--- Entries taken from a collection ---

•••

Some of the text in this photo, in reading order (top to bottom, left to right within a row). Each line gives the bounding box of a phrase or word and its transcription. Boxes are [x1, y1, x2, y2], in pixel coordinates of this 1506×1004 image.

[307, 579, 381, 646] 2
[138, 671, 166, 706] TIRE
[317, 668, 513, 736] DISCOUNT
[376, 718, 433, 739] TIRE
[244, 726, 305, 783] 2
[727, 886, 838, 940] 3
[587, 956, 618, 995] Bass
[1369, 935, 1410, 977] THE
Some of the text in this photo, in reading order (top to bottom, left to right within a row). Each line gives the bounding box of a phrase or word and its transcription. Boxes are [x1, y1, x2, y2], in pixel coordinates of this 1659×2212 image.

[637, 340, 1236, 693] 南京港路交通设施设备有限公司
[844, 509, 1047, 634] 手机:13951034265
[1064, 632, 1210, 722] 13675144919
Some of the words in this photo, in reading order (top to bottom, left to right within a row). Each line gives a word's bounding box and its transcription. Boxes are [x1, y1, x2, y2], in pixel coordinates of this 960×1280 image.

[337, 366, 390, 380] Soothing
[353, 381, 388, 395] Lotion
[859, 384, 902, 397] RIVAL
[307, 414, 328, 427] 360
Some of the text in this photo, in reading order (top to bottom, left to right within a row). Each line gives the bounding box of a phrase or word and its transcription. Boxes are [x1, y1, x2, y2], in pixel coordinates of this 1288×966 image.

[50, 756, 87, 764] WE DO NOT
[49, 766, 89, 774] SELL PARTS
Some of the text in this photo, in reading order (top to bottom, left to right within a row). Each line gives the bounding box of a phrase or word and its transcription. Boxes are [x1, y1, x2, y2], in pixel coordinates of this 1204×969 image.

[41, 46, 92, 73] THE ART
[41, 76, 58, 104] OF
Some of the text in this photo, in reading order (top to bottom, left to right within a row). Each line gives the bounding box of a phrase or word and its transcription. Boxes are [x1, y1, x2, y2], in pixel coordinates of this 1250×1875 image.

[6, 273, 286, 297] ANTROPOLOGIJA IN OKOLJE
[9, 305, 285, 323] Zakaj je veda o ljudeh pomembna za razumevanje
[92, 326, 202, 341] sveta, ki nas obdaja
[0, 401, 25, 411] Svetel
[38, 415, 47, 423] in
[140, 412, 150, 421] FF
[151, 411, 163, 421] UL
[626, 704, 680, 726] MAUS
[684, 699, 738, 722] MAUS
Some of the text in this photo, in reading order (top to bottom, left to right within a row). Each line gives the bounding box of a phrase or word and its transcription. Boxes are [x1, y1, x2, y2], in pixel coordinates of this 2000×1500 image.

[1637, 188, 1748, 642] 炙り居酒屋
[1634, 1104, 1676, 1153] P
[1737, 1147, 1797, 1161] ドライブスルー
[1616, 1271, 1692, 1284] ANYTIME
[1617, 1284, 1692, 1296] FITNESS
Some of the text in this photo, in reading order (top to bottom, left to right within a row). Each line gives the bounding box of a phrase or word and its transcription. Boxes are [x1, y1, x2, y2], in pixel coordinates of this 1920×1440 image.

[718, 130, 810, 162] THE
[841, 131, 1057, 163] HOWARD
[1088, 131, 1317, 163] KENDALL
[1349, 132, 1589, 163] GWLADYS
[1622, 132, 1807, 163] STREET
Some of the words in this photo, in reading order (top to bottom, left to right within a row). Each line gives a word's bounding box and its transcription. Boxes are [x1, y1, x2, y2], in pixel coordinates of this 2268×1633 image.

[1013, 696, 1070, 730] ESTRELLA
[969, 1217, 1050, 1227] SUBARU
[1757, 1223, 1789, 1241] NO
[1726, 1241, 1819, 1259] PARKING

•••

--- Assignment ---
Each of the lines above must appear again, unchanged.

--- Answer to this task ---
Some of the text in this photo, in reading order (top to bottom, left to right within a row). Each line gives the bounding box of a phrase or word and its transcription. Boxes are [x1, y1, x2, y2], in pixel coordinates of this 1506×1004 image.

[307, 579, 381, 646] 2
[138, 671, 166, 706] TIRE
[317, 668, 513, 736] DISCOUNT
[376, 718, 433, 739] TIRE
[244, 726, 305, 783] 2
[727, 886, 838, 940] 3
[587, 956, 618, 995] Bass
[1369, 935, 1410, 977] THE
Some of the text in this photo, in reading order (top to bottom, left to right within a row). Each line gives the bounding box of a phrase or word and its transcription. Boxes are [x1, y1, x2, y2], in pixel coordinates of this 1659×2212 image.

[637, 340, 1236, 693] 南京港路交通设施设备有限公司
[844, 509, 1047, 634] 手机:13951034265
[1064, 632, 1210, 722] 13675144919
Some of the words in this photo, in reading order (top to bottom, left to right within a row). Each line gives a word's bounding box and its transcription. Boxes are [x1, y1, x2, y2], in pixel coordinates of this 960×1280 image.

[337, 366, 390, 380] Soothing
[353, 381, 388, 395] Lotion
[859, 384, 902, 397] RIVAL
[307, 414, 328, 427] 360
Some of the text in this photo, in reading order (top to bottom, left to right within a row). Each line gives the bounding box of a phrase or word and its transcription. Boxes are [x1, y1, x2, y2], in pixel coordinates of this 1288×966 image.

[50, 756, 87, 764] WE DO NOT
[49, 766, 89, 774] SELL PARTS
Some of the text in this photo, in reading order (top to bottom, left to right within a row). Each line gives the bounding box of a phrase or word and its transcription. Boxes are [x1, y1, x2, y2], in pixel coordinates of this 1204×969 image.

[41, 46, 92, 73] THE ART
[41, 76, 58, 104] OF
Some of the text in this photo, in reading order (top to bottom, left to right within a row). Each line gives the bounding box of a phrase or word and its transcription. Boxes are [x1, y1, x2, y2], in pixel coordinates of this 1250×1875 image.

[6, 273, 286, 297] ANTROPOLOGIJA IN OKOLJE
[9, 305, 285, 323] Zakaj je veda o ljudeh pomembna za razumevanje
[92, 326, 202, 341] sveta, ki nas obdaja
[0, 401, 25, 411] Svetel
[38, 415, 47, 423] in
[140, 412, 150, 421] FF
[151, 411, 163, 421] UL
[626, 704, 680, 726] MAUS
[684, 699, 738, 722] MAUS
Some of the text in this photo, in reading order (top to bottom, left to right within a row). Each line gives the bounding box of a phrase or word and its transcription. Boxes are [x1, y1, x2, y2], in pixel coordinates of this 2000×1500 image.

[1637, 188, 1748, 642] 炙り居酒屋
[1634, 1104, 1676, 1153] P
[1737, 1147, 1797, 1161] ドライブスルー
[1616, 1271, 1692, 1284] ANYTIME
[1617, 1284, 1692, 1296] FITNESS
Some of the text in this photo, in reading order (top to bottom, left to right within a row). Each line gives the bounding box of a phrase or word and its transcription. Boxes are [x1, y1, x2, y2], in pixel coordinates of this 1920×1440 image.

[718, 130, 810, 162] THE
[841, 131, 1057, 163] HOWARD
[1088, 131, 1317, 163] KENDALL
[1349, 132, 1589, 163] GWLADYS
[1622, 132, 1807, 163] STREET
Some of the words in this photo, in reading order (top to bottom, left to right within a row). Each line gives a word's bounding box and its transcription. Boxes are [x1, y1, x2, y2], in pixel coordinates of this 2268×1633 image.

[1013, 696, 1070, 730] ESTRELLA
[969, 1217, 1050, 1227] SUBARU
[1757, 1223, 1789, 1241] NO
[1726, 1241, 1819, 1259] PARKING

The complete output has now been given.